Images are not part of the copy; transcribe all the data exactly.

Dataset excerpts
*** Block opens ***
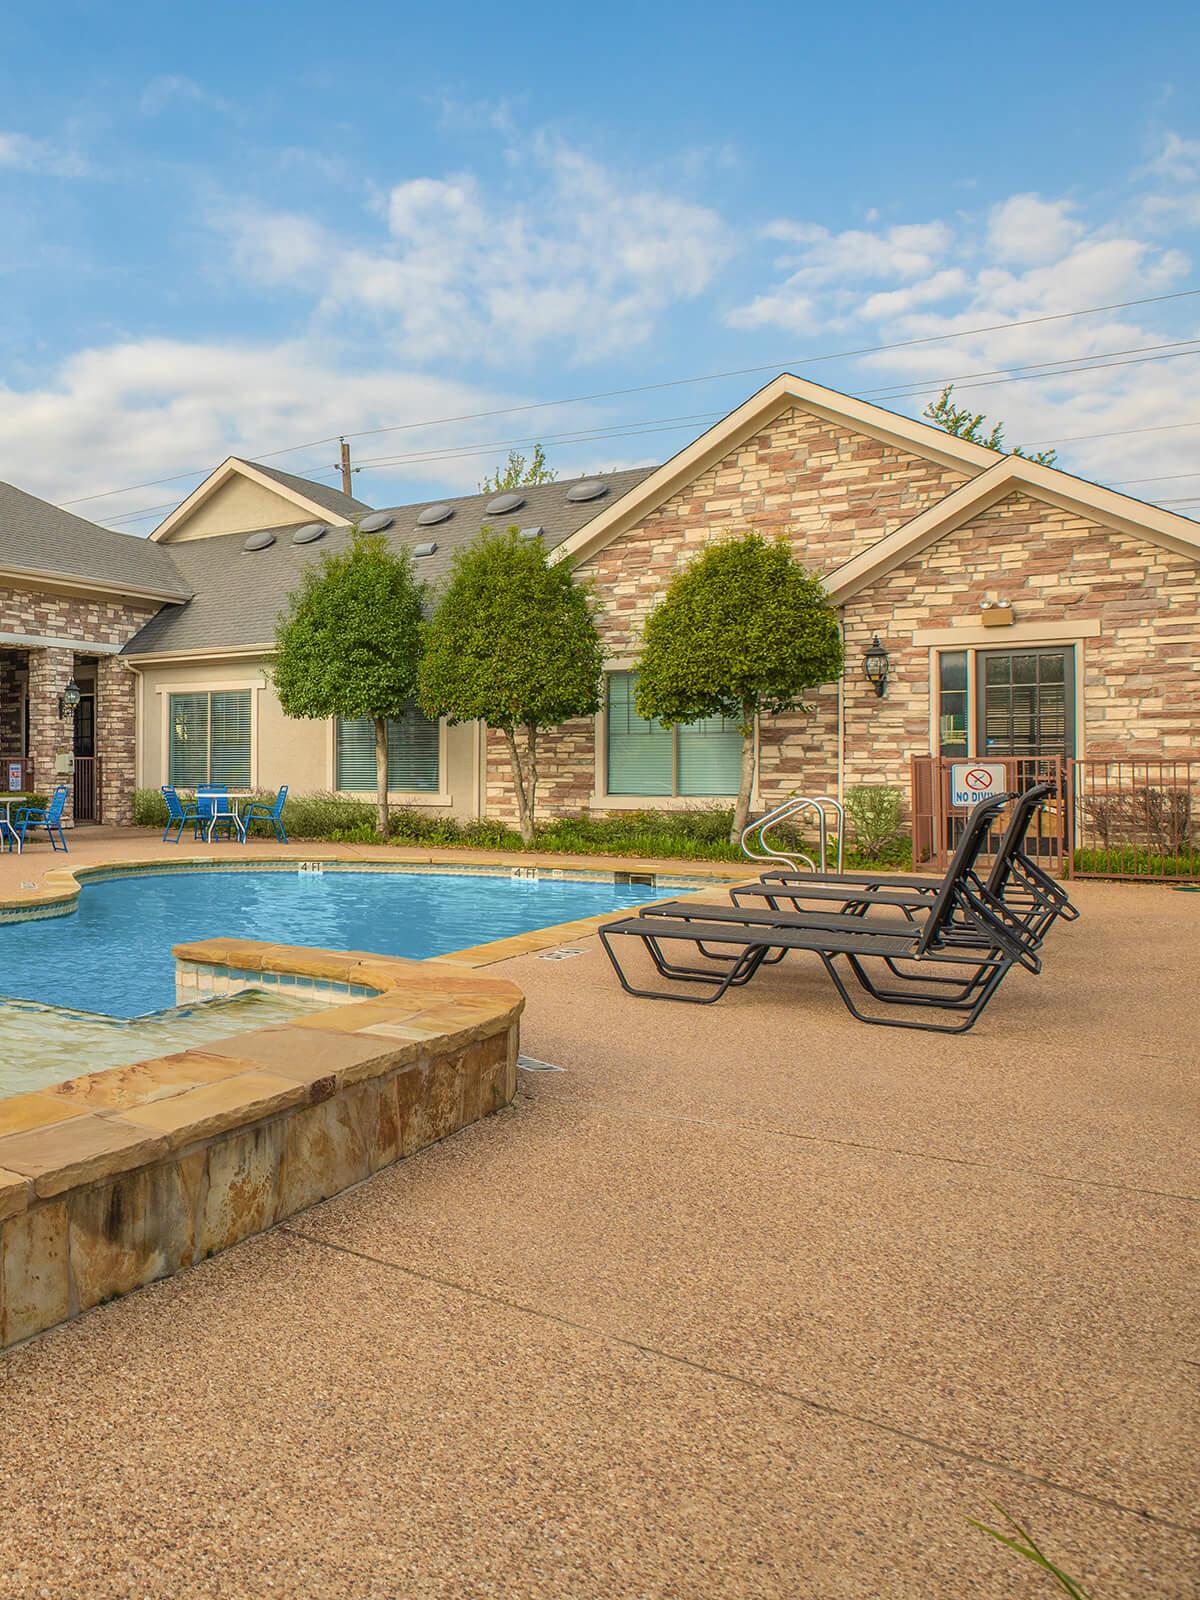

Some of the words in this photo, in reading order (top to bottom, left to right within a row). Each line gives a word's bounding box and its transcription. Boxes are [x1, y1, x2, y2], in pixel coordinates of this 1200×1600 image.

[956, 792, 968, 801] NO
[300, 862, 307, 871] 4
[311, 862, 321, 872] FT
[514, 868, 520, 877] 4
[526, 868, 536, 878] FT
*** Block closes ***
Reply –
Some of the words in this photo, in reading order (top to bottom, left to right within a row). Each line gives a word's bounding box and its transcription. Boxes are [x1, y1, x2, y2], in pixel coordinates of this 1200×1600 image.

[956, 792, 968, 801] NO
[300, 862, 307, 871] 4
[311, 862, 321, 872] FT
[514, 868, 520, 877] 4
[526, 868, 536, 878] FT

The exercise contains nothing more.